Another disadvantage is that sharing a home with a visitor means sacrificing some privacy, and this affects both the host and the visitor. One may not feel completely free to use amenities, especially if they do not know what their host may feel regarding the issue (Zekanovic-Korona, Ljiljana, and Grzunovn.p). Other privacy sacrifices may include having to share the kitchen and the bathroom with the hosts. While a majority of guest will be honest about their backgrounds when they are dealing with hosts, there are also minor cases of fraud, especially if the hosts are not the real owners of property or visitors have cases of violence or assault (Quattrone, Giovanni, et al. n.p).

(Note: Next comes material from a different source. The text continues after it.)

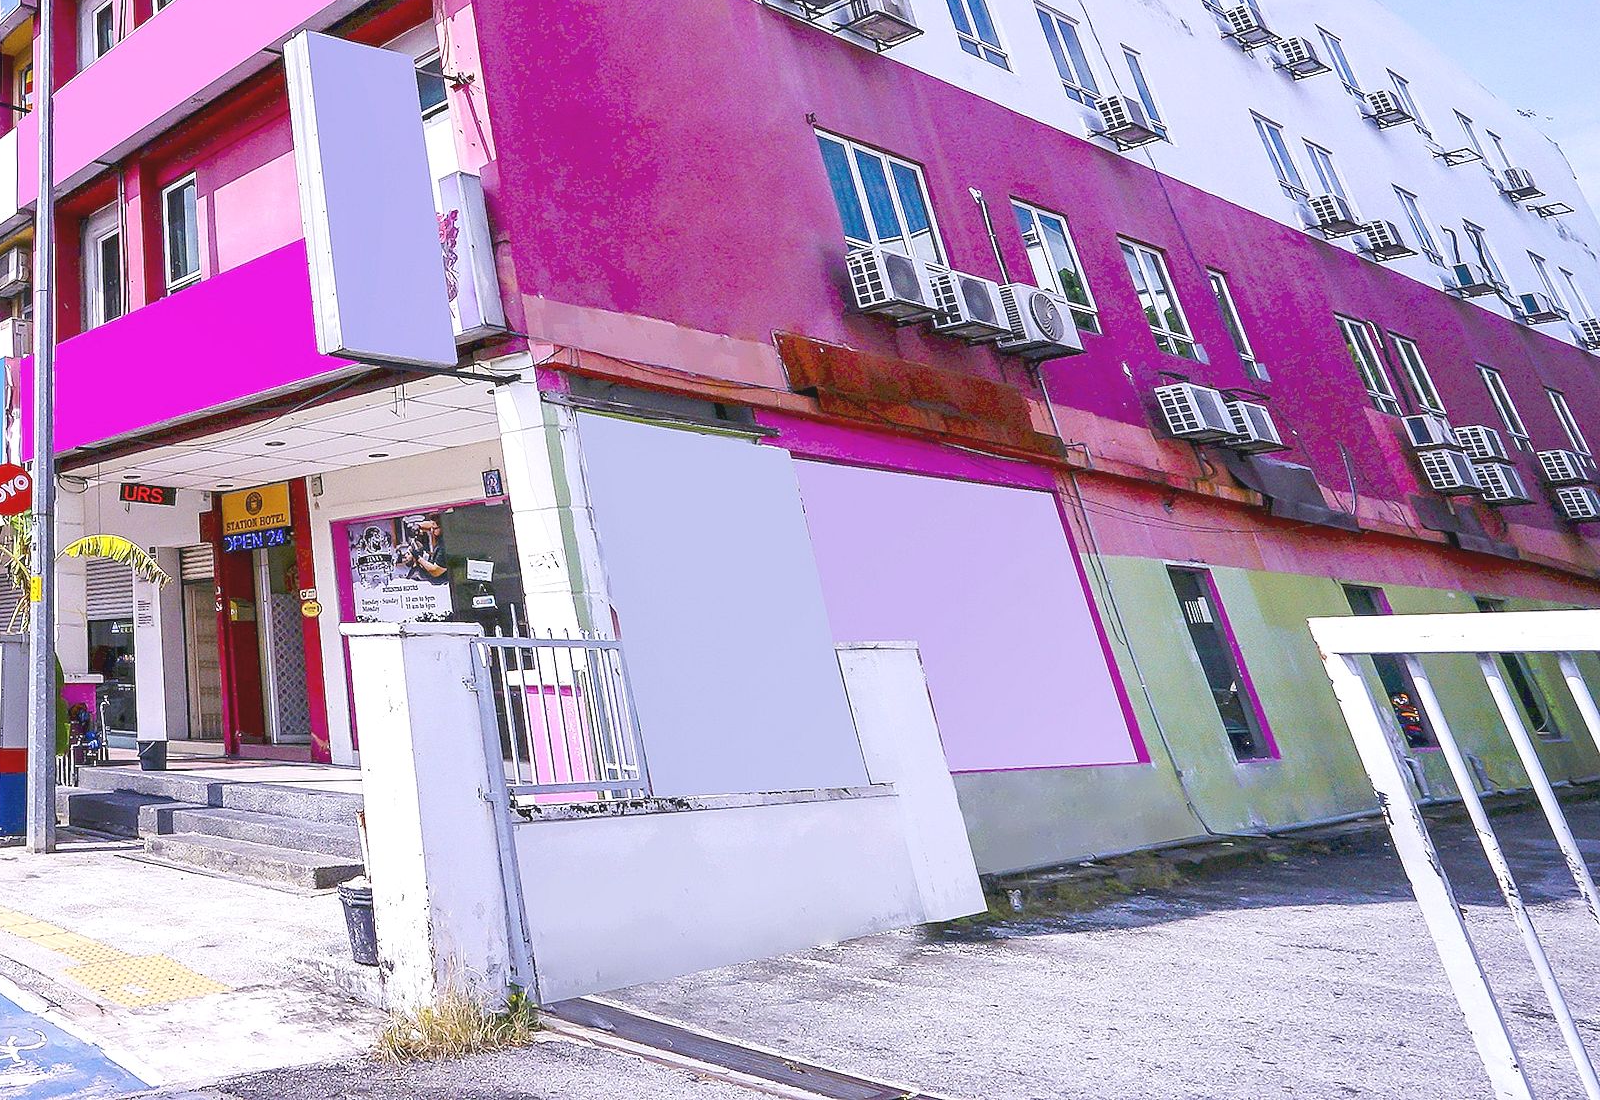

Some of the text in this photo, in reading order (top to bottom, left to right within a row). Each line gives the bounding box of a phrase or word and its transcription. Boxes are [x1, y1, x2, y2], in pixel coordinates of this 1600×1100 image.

[124, 485, 164, 504] URS
[226, 513, 286, 532] STATION HOTEL
[266, 529, 286, 547] 24

Some visitors are also known for damage properties of their hosts, especially when they are away or when the house is entirely rented to visitors. Damages may occur in terms of trashing the house, destroying items or misusing the amenities that are present. Although Airbnb has measures of compensating such hosts, it is not an easy process, and sometimes the hosts may decide not to host any other individual (Zekanovic-Korona, Ljiljana, andGrzunovn.p). Other hosts may upload fake pictures of their homes, to the website and lure visitors into paying for them. Some of the houses may be in bad condition, while others may be highly disorganized. The visitors and the hosts are also required to be aware of the laws that may forbid or restrict renting property, especially with regards to zoning and administrative codes (Quattrone, Giovanni, et al. n.p). Other cities, for instance, may require a host to have licenses or permits, and guests should be aware that they might be liable when they rent properties without knowing it is illegal. Some states may require one to pay income tax for rentals. This implies that one has to do a lot of background checks before renting property (Quattrone, Giovanni, et al. n.p).
Oskam, Jeroen, and Albert Boswijk. "Airbnb: the future of networked hospitality businesses." Journal of Tourism Futures 2.1 (2016): 22-42.
Lines, Greggary E. "Hej, Not Hej Da: Regulating Airbnb in the New Age of Arizona Vacation Rentals." Ariz. L. Rev. 57 (2015): 1163.
Quattrone, Giovanni, et al. "Who benefits from the sharing economy of Airbnb?." Proceedings of the 25th International Conference on World Wide Web. International World Wide Web Conferences Steering Committee, 2016.
Zekanovic-Korona, Ljiljana, and JuricaGrzunov. "Evaluation of shared digital economy adoption: Case of Airbnb." Information and Communication Technology, Electronics and Microelectronics (MIPRO), 2014 37th International Convention on. IEEE, 2014.